* _DIRECTIONS FOR THIS TASK_
No pictures, no extra lines: copy exactly from the line with "this 1200×1600 image." through the end of the entries.

Saved entries:
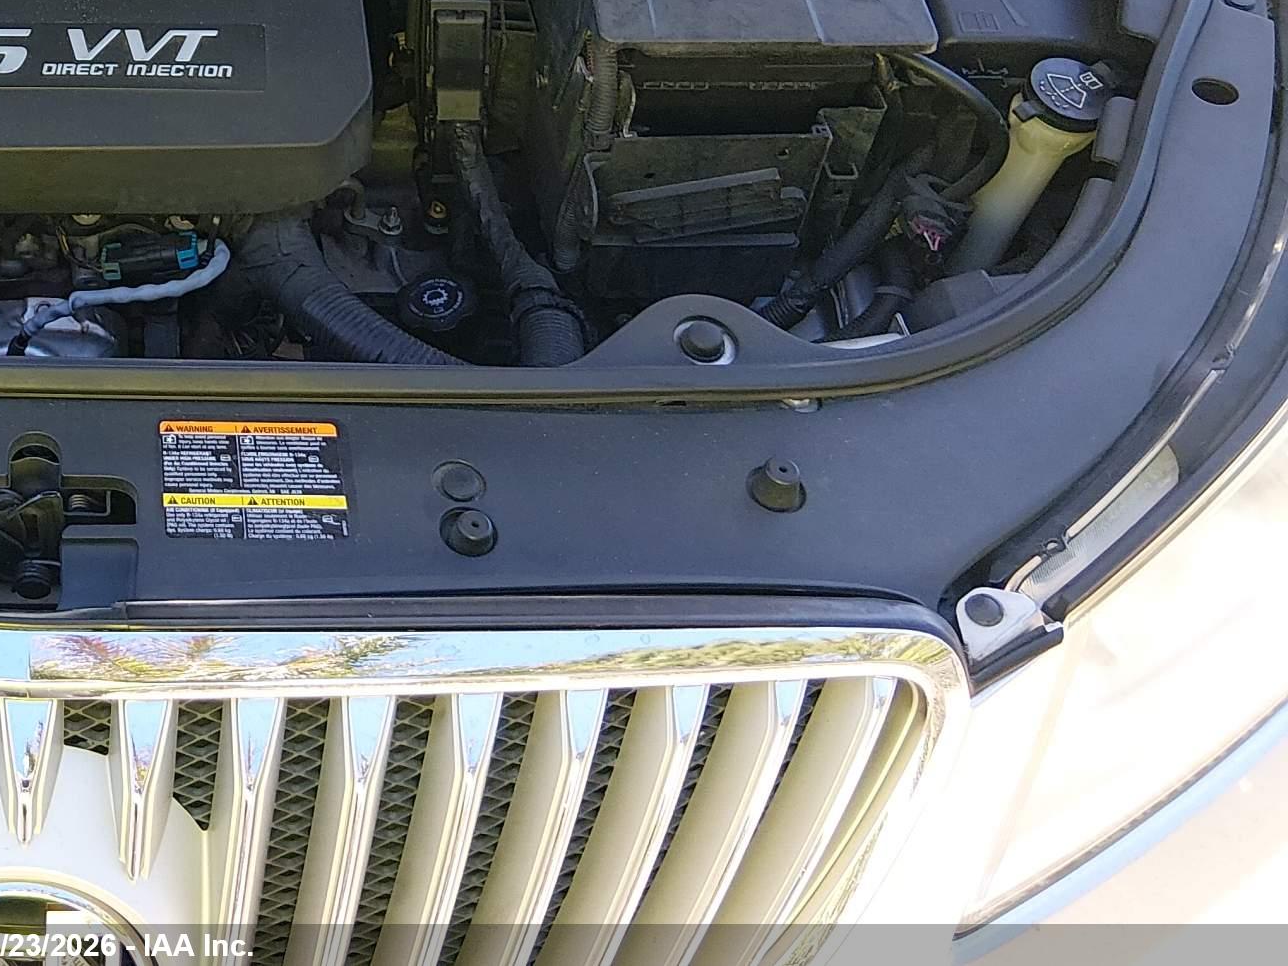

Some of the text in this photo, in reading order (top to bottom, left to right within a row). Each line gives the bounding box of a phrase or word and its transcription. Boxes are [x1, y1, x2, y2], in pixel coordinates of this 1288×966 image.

[67, 28, 219, 62] VVT
[42, 63, 233, 78] DIRECT INJECTION
[175, 425, 213, 433] WARNING
[253, 426, 318, 434] AVERTISSEMENT
[180, 497, 215, 505] CAUTION
[261, 498, 305, 506] ATTENTION
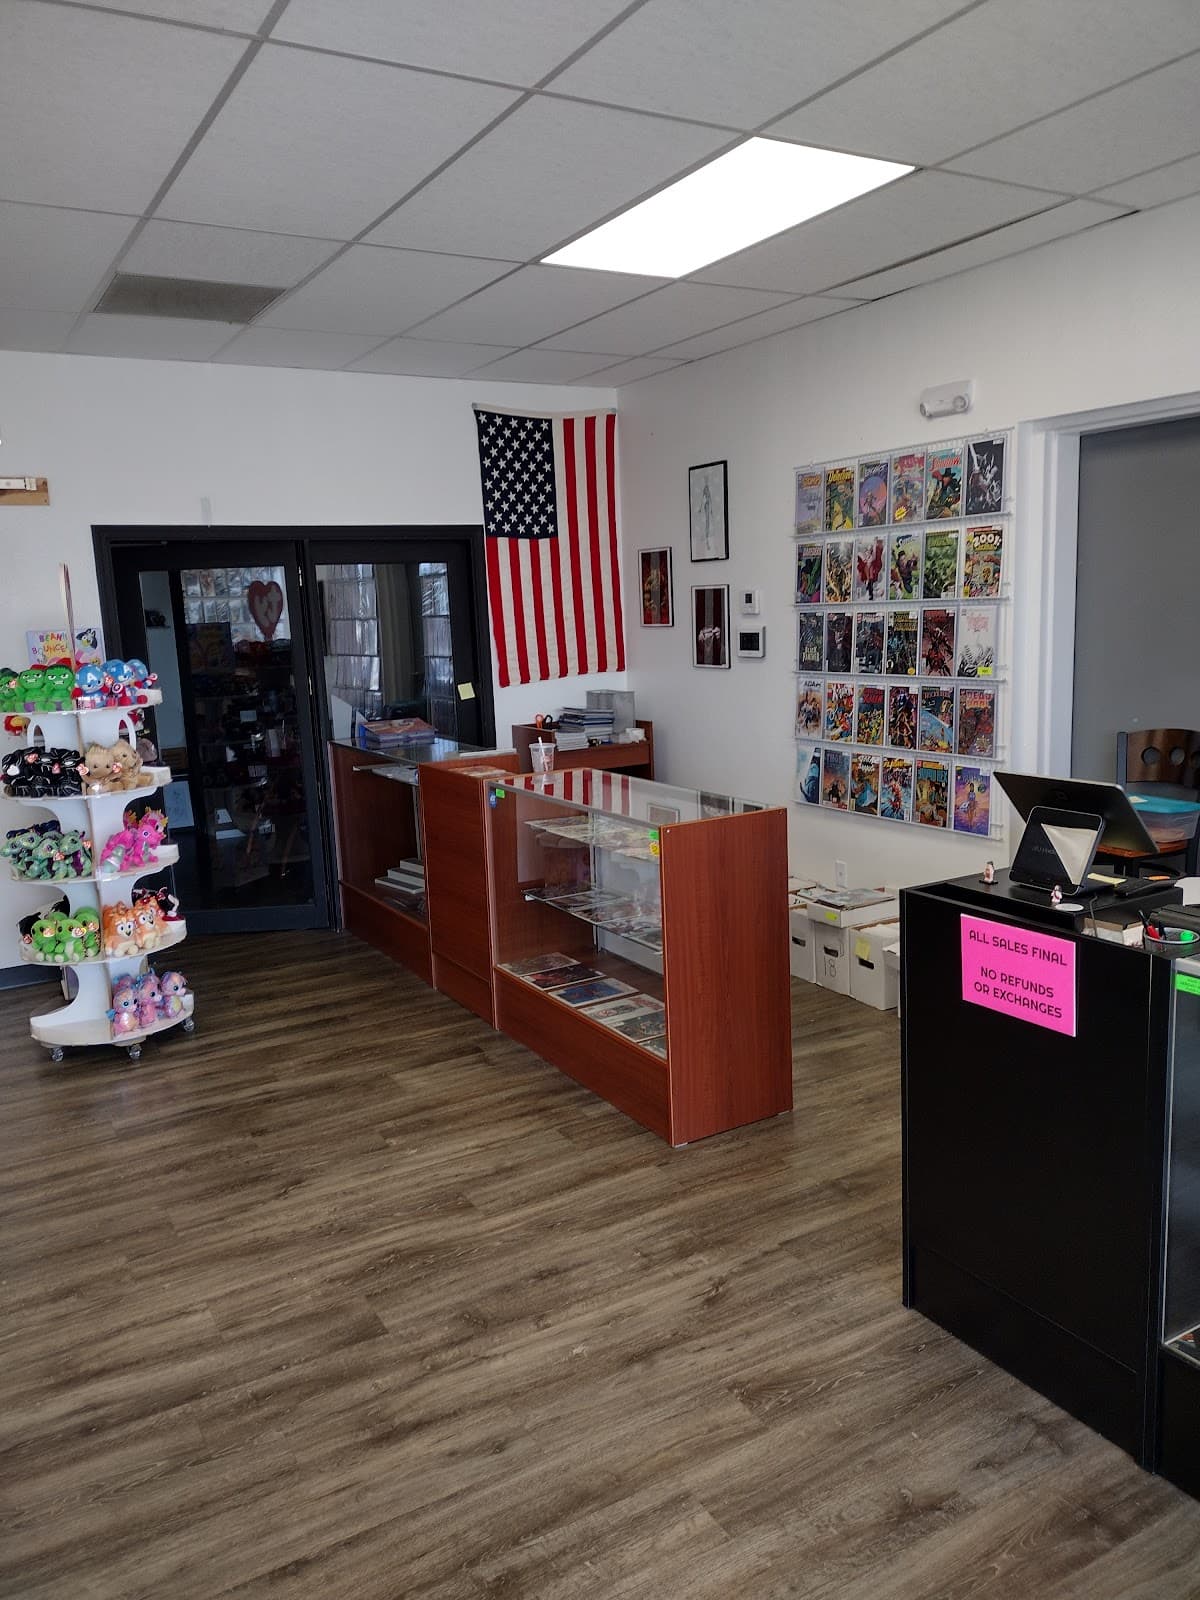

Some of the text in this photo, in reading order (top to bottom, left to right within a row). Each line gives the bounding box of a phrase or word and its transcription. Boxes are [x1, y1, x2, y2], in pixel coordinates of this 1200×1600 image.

[969, 929, 1068, 966] ALL SALES FINAL
[974, 981, 1062, 1018] OR EXCHANGES
[980, 966, 1054, 998] NO REFUNDS
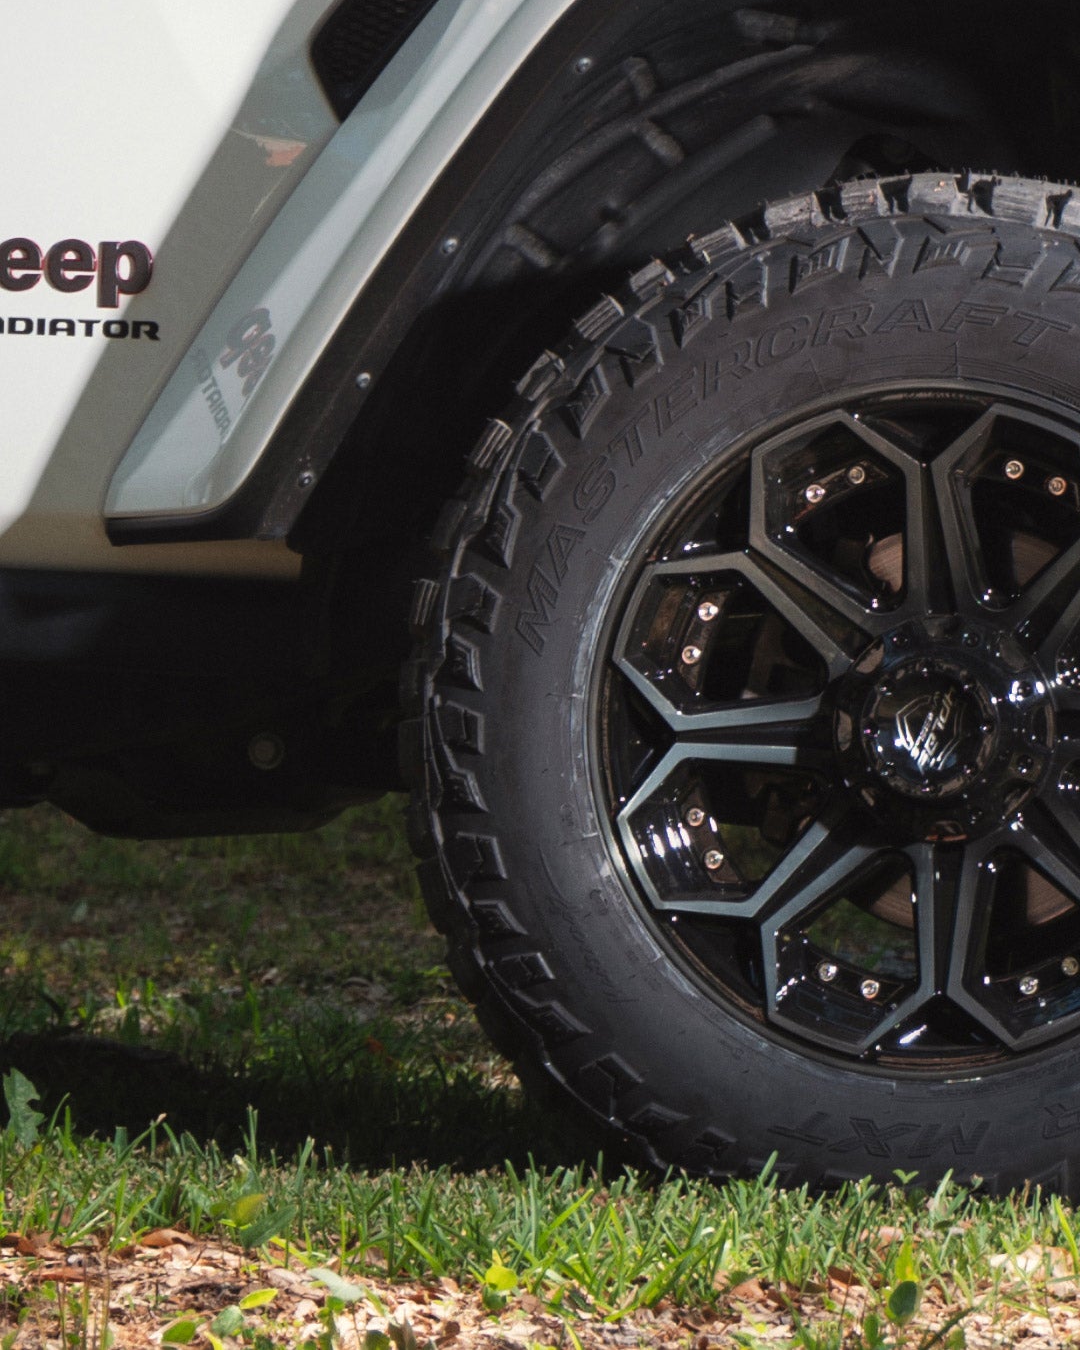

* _SOLVED PROBLEM_
Some of the text in this photo, in reading order (top to bottom, left to right within a row). Each line gives the bounding box of a phrase or word and its transcription. Boxes are [x1, y1, x2, y2], in pixel coordinates of this 1200×1600 image.

[969, 929, 1068, 966] ALL SALES FINAL
[974, 981, 1062, 1018] OR EXCHANGES
[980, 966, 1054, 998] NO REFUNDS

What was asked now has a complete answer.